I’m creating an iconfont for the web and I want to generate CSS based on the glyph names. However, I can’t seem to get Glyphs to export my custom glyph names. They import okay, but if I immediately export after importing and then reimport that .otf, they’re gone and replaced with their unicode in the default uniE456
style.
The weirdest part is, sometimes one glyph out of 100 has the right name. But only if I use snake case for the glyph names? So, a name like google_drive_icon
might survive the export but googleDriveIcon
doesn’t.
I have the Keep glyph names from imported files
user preference checked and the Use custom naming
font setting checked.
Is there a way to get Glyphs to not touch my glyph names? I know it does otf features magic or whatever, but since this is an iconfont, I don’t care about that. Thanks.
What you want is a so-called production name.
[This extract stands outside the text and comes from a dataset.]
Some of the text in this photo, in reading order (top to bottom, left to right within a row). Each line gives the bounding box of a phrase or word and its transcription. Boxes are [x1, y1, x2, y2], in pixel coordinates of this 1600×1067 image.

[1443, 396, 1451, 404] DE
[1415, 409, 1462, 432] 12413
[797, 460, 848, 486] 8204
You can set it either by adding an custom GlyphData XML or by choosing Edit > Info for Selection (Cmd-Opt-I) in Font View.
For unicoded glyphs in a CFF/OTF I do not recommend that though, because there are some expectations concerning the glyph names, and the font may not work as expected otherwise. What do you need non-standard production names for?
Thanks for the help. That makes perfect sense.
To answer the question of why: I’m looking to automate the process of updating the iconfont—ideally our designer adds a glyph, gives it a custom name, and I run a script that updates the font in the codebase and generates the appropriate human-readable-name/unicode pair in CSS for use on the web. As far as I can tell, there isn’t a better option for attaching metadata that’s easy for the designer to add and easy for me to parse out.
What about your own custom table?
Icon fonts it is OK to use custom names instead of uniXXXX names. I plan to change the default behaviour to use manually set names.